Loading

Oral Cancer Detection: Hybrid Method of KFCM Clustering
Shilpa Harnale1, Dhananjay Maktedar2
1Shilpa Harnale , CSE department, BKIT BHALKI-India.
2Dr Dhananjay Maktedar, CSE department, GNDEC Bidar- India.

Manuscript received on January 02, 2020. | Revised Manuscript received on January 15, 2020. | Manuscript published on January 30, 2020. | PP: 2287-2292 | Volume-8 Issue-5, January 2020. | Retrieval Number: E5797018520/2020©BEIESP | DOI: 10.35940/ijrte.E5797.018520

Open Access | Ethics and Policies | Cite | Mendeley
© The Authors. Blue Eyes Intelligence Engineering and Sciences Publication (BEIESP). This is an open access article under the CC BY-NC-ND license (http://creativecommons.org/licenses/by-nc-nd/4.0/)

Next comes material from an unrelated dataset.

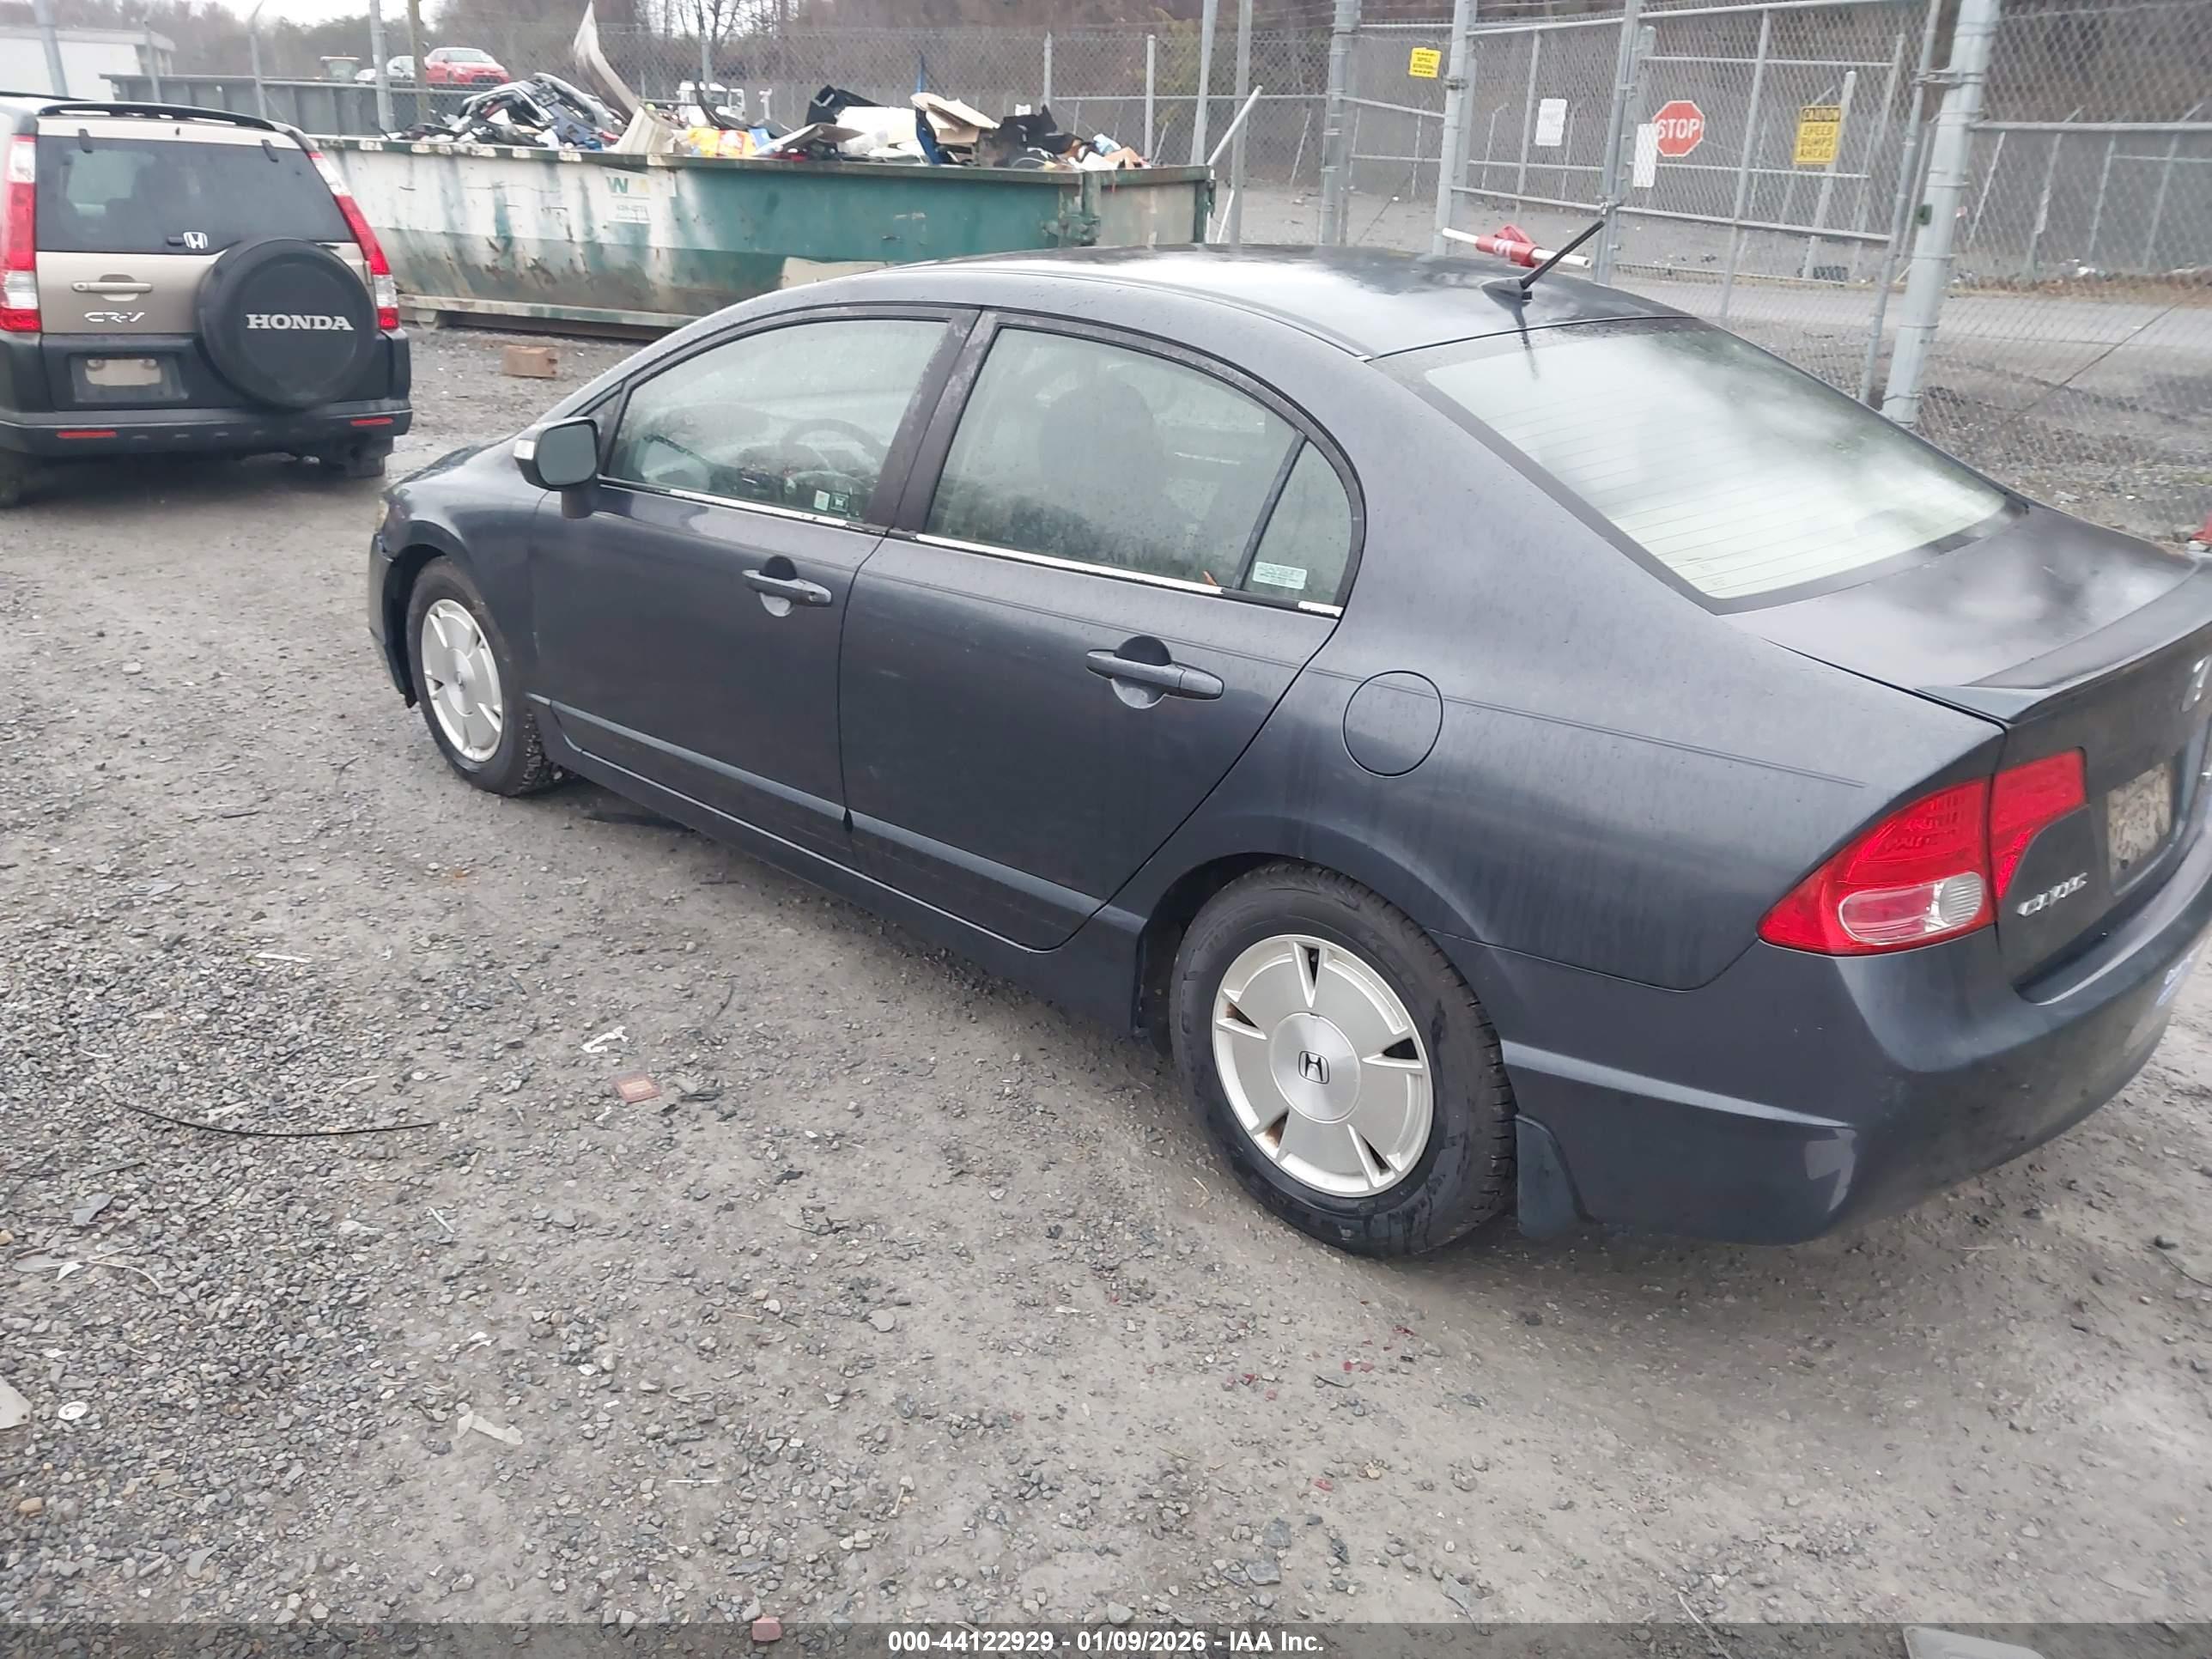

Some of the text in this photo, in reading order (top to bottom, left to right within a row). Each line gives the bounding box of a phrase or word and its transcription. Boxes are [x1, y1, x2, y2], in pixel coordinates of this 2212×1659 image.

Abstract: Oral neoplasm is one of the complex diseases in the world. The risk of death is increasing all over the world due to the rapid swelling of abnormal tissues. Early diagnosis of malignancy is necessary to avoid the risk of death. The tumor detected from magnetic resonance imaging (MRI) images is new innovative analysis topic in medical intervention. Normally the internal structure of the mouth can be examined using the MRI scan or CT scan. MRI scan is an advantageous and adequate technique for detection of the oral malignancy. It is non-invasive because it does not use any radiation. In this study, the hybrid approach KFCM is proposed for the segmentation and compared with conventional K-Means & Fuzzy C-Means(FCM).The main objective of merging these two algorithms is to reduce the total iterations generated by initializing an exact cluster to the FCM clustering with less computation time. The developed system concentrated on image enhancement using anisotropic diffusion to improve the quality of image and segmentation technique using KFCM clustering to reduce computation time &improve the segmentation accuracy. It exactly segments the lesion region and evaluates the lesion area.
Keywords: Oral and Maxillofacial Surgery, Pre-Processing, KFCM Clustering, Morphological Operations.
Scope of the Article: Network Operations & Management.